PROMPT
Exact copies of the records below are needed, free of pictures.

[Records drawn from a dataset]
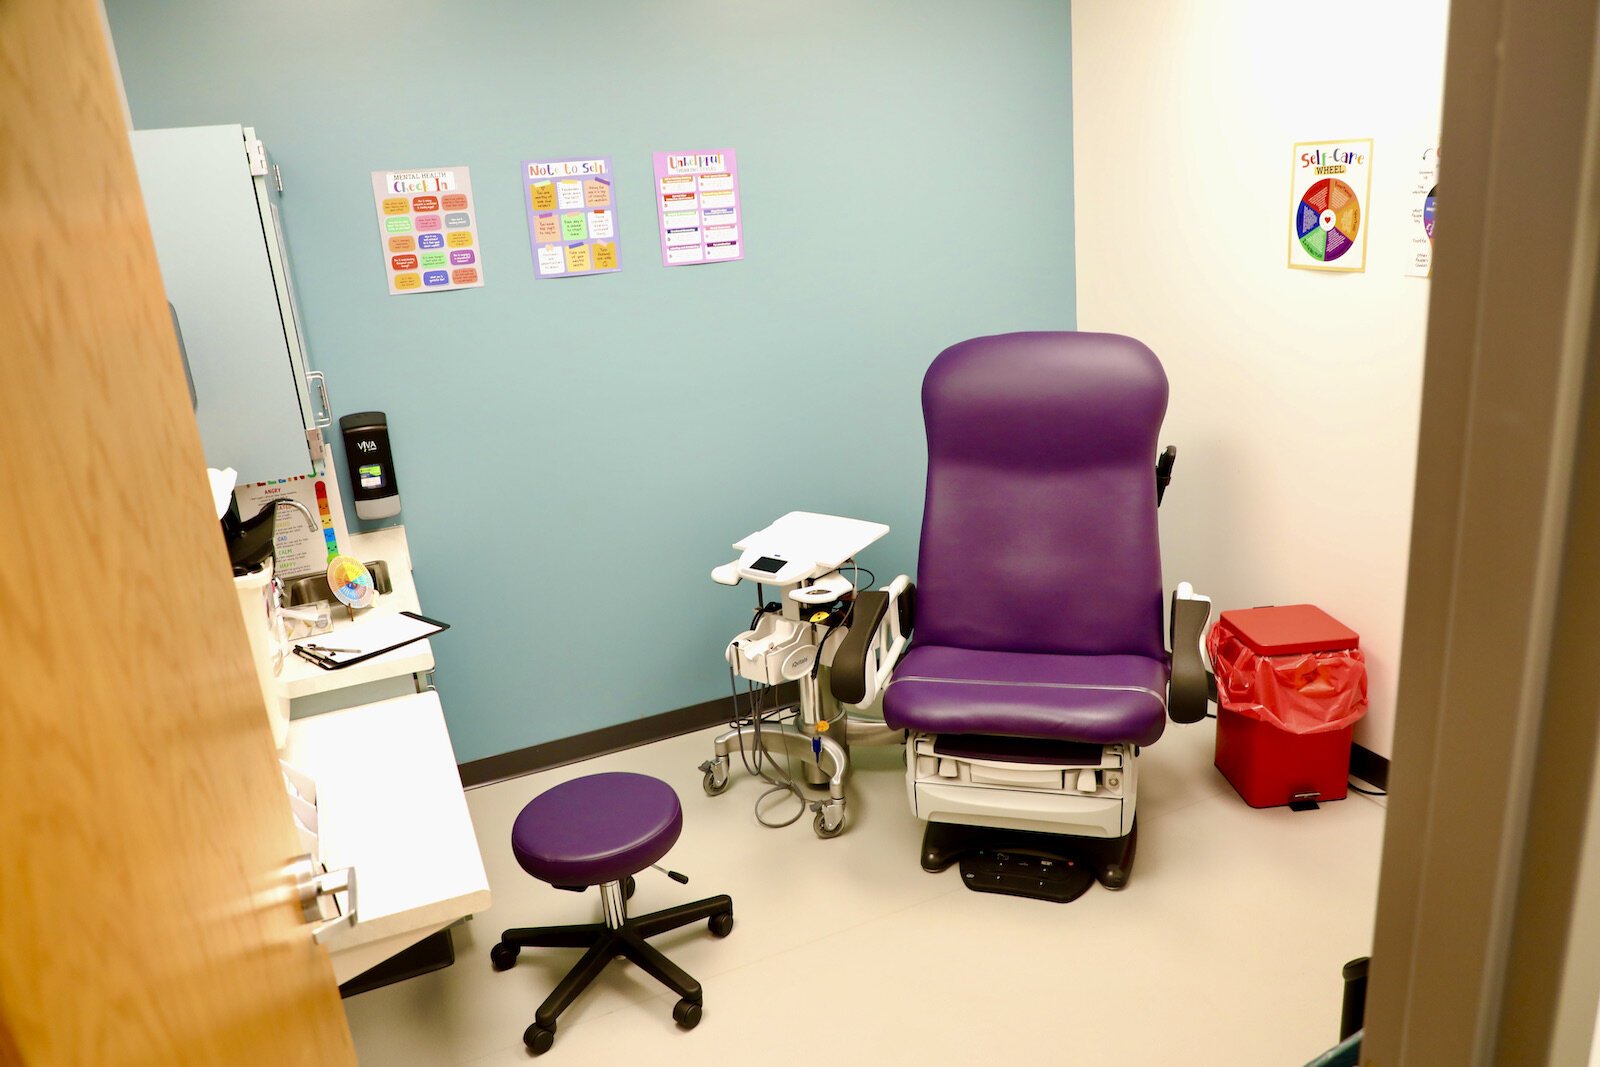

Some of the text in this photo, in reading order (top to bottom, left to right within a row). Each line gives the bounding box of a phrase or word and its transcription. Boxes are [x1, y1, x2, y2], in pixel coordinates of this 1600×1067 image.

[1301, 148, 1364, 168] Self-Care
[529, 164, 559, 176] Note
[564, 163, 578, 175] to
[1316, 165, 1345, 175] WHEEL
[393, 178, 448, 193] Check In
[357, 440, 377, 452] VIVA
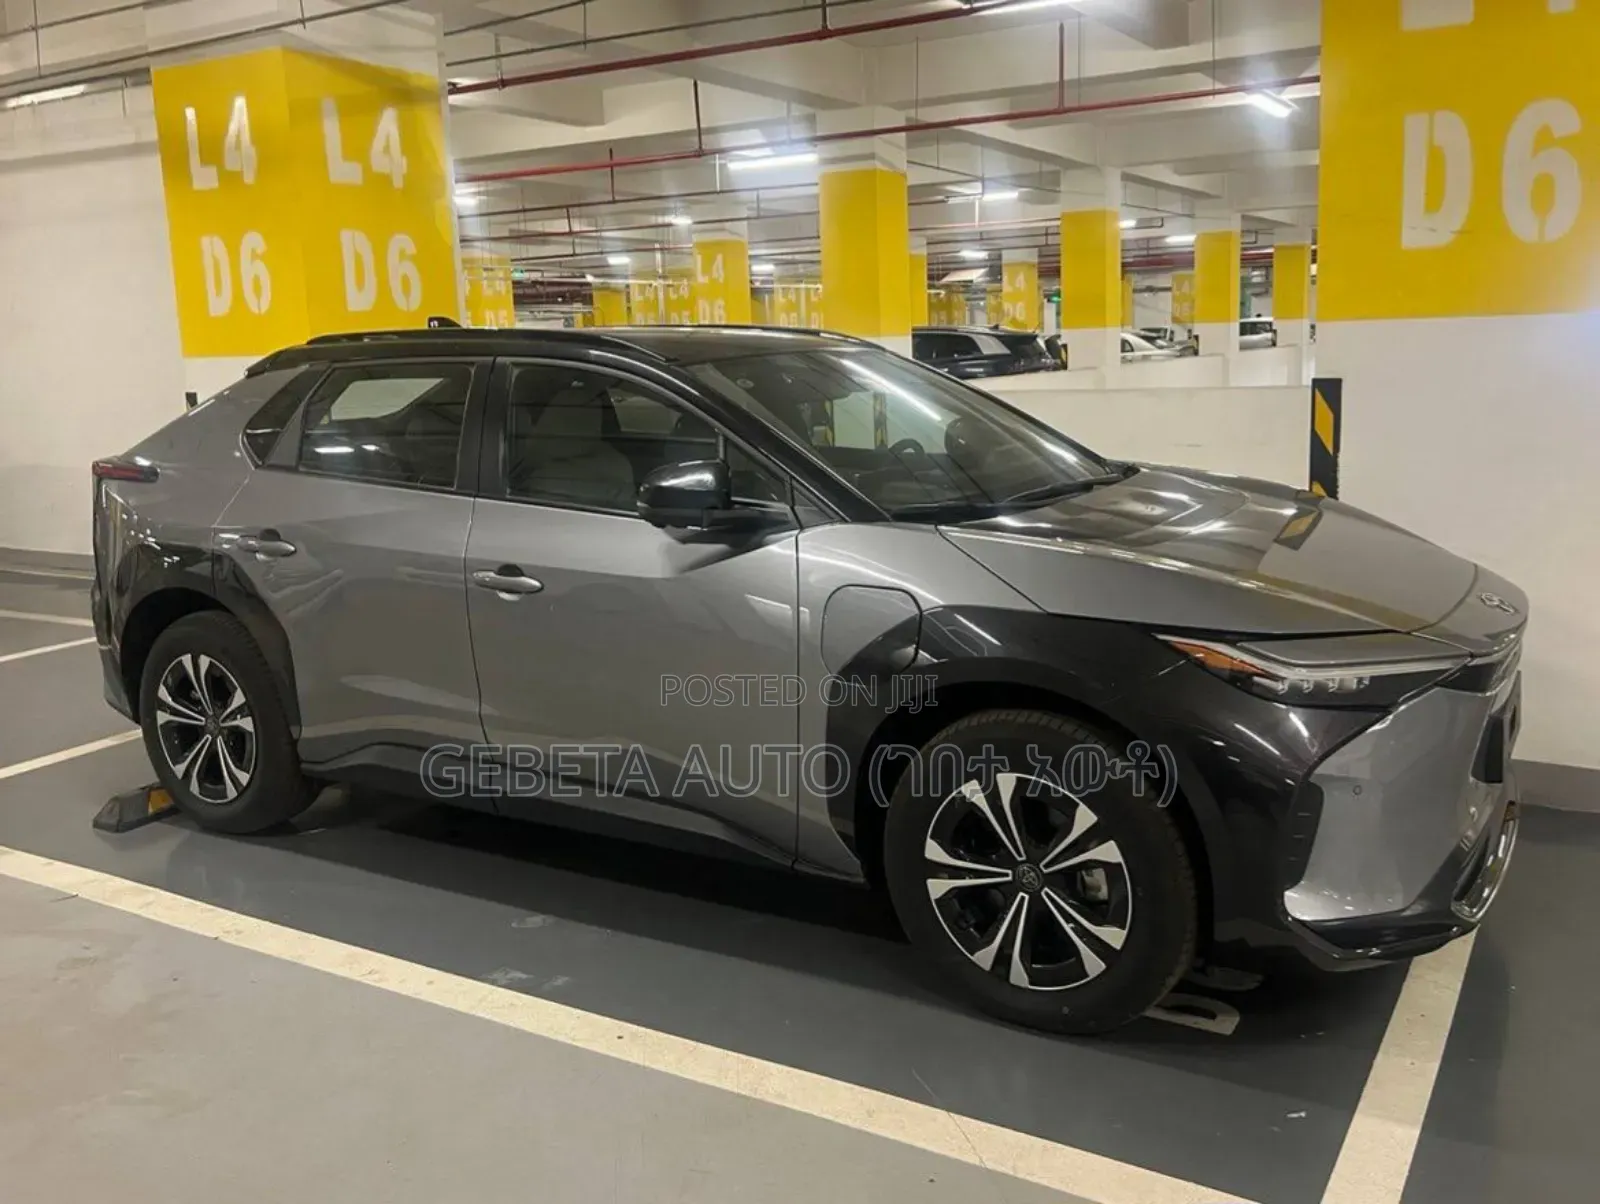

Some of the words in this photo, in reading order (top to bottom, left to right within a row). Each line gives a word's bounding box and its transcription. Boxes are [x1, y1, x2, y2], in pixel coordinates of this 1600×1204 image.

[186, 96, 257, 190] L4
[321, 97, 406, 189] L4
[1400, 98, 1582, 250] D6
[201, 231, 271, 317] D6
[339, 228, 421, 312] D6
[697, 253, 725, 284] L4
[1003, 271, 1025, 293] L4
[698, 297, 726, 326] D6
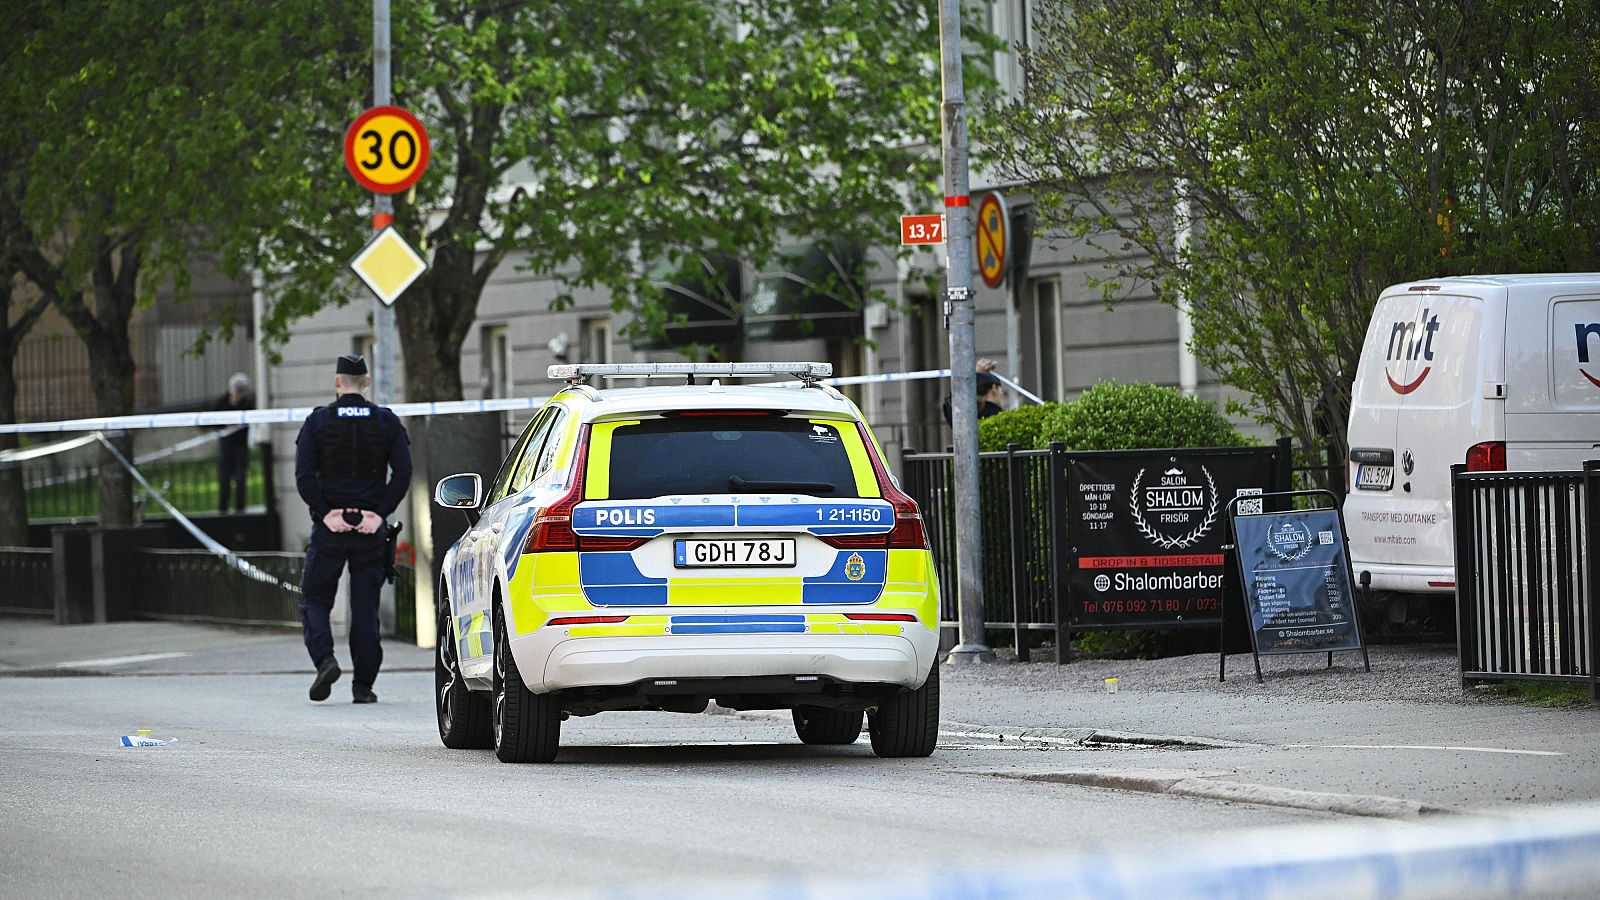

SOLUTION BELOW
Some of the text in this photo, in reading order (top to bottom, left to right within a row). Each line gives the bounding box of a phrase or word and its transcription. Boxes are [x1, y1, x2, y2], in pixel coordinates of this 1600×1067 image.

[1301, 148, 1364, 168] Self-Care
[529, 164, 559, 176] Note
[564, 163, 578, 175] to
[1316, 165, 1345, 175] WHEEL
[393, 178, 448, 193] Check In
[357, 440, 377, 452] VIVA

Some of the words in this photo, in reading order (top to bottom, left to right within a row). Each line gives a word's bounding box and its transcription. Boxes are [x1, y1, x2, y2], in pixel coordinates of this 1600×1204 image.

[186, 96, 257, 190] L4
[321, 97, 406, 189] L4
[1400, 98, 1582, 250] D6
[201, 231, 271, 317] D6
[339, 228, 421, 312] D6
[697, 253, 725, 284] L4
[1003, 271, 1025, 293] L4
[698, 297, 726, 326] D6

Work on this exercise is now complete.